Sort of. We’re Thatcher’s kids. Crap with money but happy to watch gay boys make out on Hollyoaks. We grew up secretly watching Eurotrash as kids and masturbating to every possible flavour of porn on the Internet as teens. Many of us are highly educated, thousands of pounds in debt and pinning our future career hopes on three-month unpaid internships at Café Nero. We haven’t got enough money to pay the rent but we believe that’s our fault. We blog. About Beyonce. We don’t want to hurt you for being different, and your can marry a horse for all we care, but we don’t particularly want to help you either. Nor do we want your help. We’re going it alone. We don’t know any other way.
No wonder. If you were brought up in a room that was painted blue and only contained blue things, how could you possibly know if red was your favourite colour? Millennials may be to the right of our grandparents on economic issues, but we don’t even know that we are. We don’t know shit.
Up until very recently, I didn’t know that it was only in the 1980s that regular people started using credit cards to get themselves into thousands of pounds of debt. I didn’t know that it used to be free to go to University. I didn’t know that couples used to be able to live off one person’s income while the other partner (albeit a woman, usually) stayed at home to look after the kids. I was born into a world where all grown-ups work long hours, share houses and sofas they haven’t paid for and carry on like this is just how the world works.

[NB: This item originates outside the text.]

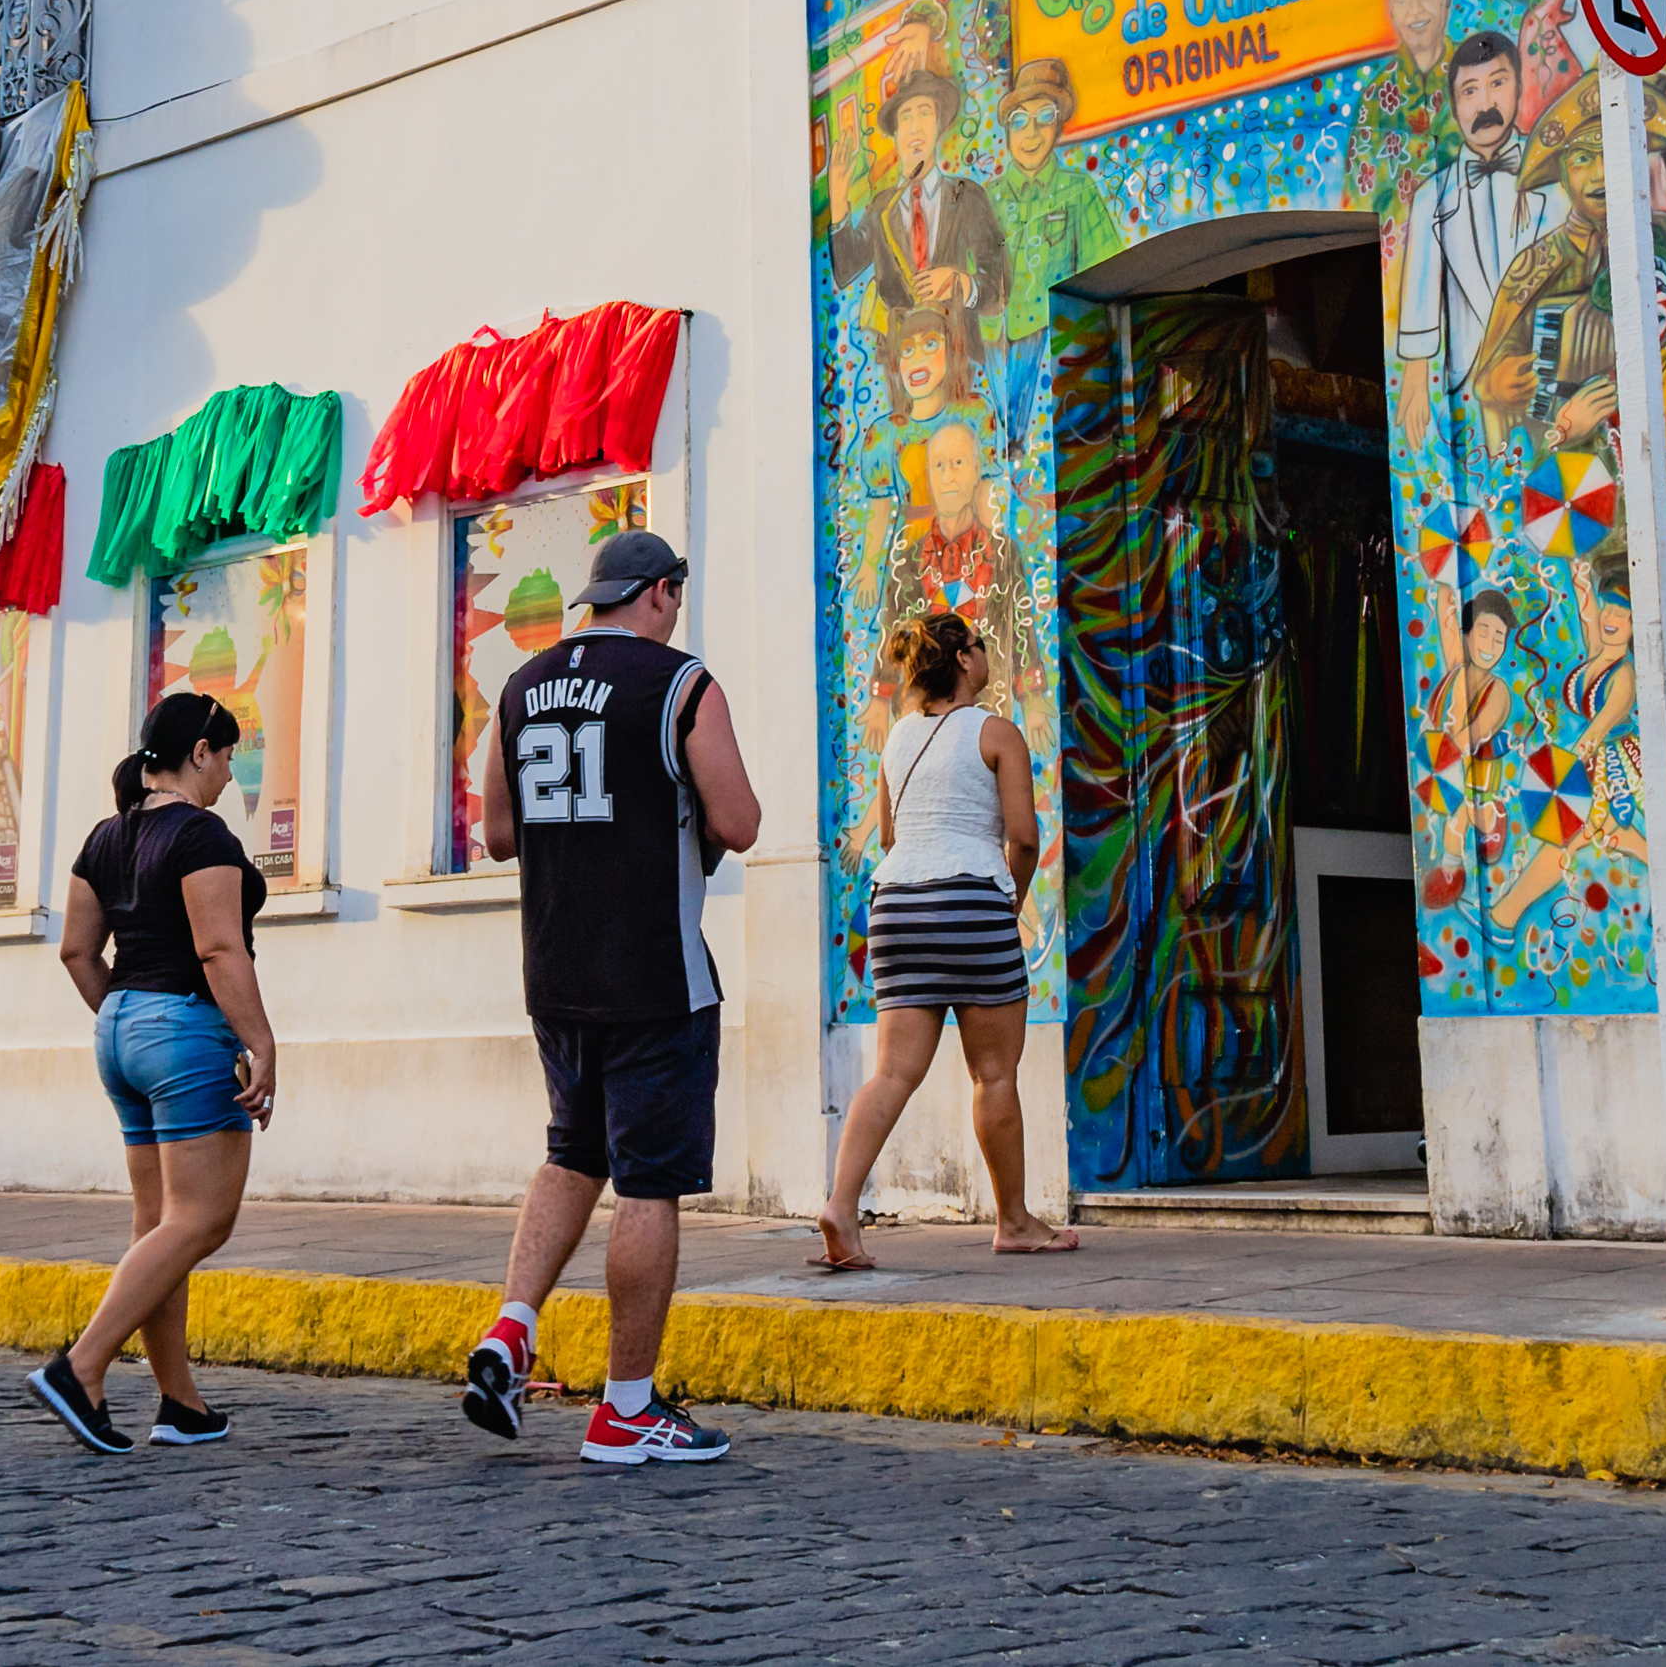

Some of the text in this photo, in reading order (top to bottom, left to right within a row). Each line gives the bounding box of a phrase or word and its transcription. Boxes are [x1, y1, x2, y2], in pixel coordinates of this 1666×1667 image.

[1123, 23, 1279, 96] ORIGINAL
[525, 678, 613, 717] DUNCAN
[517, 721, 614, 823] 21

It wasn’t always this way. My mate Michael likes trains and Morrissey and is a bit of a nerd and knows about boring crap like the difference between "left wing" and ‘"right wing". Before he educated me on a few things, I thought that being on the dole was something to be ashamed of and I secretly resented friends who’d been given council houses after having babies as teenagers. I never considered the possibility that maybe we just need more houses and that if the government didn’t offer people homes, I myself wouldn’t have had anywhere to live as a child because my mum was also, once, a single teenage mother. It didn’t occur to me that had I been born 40 years previously I might have grown up in a slum and contributed even less to society than I do now as a journalist.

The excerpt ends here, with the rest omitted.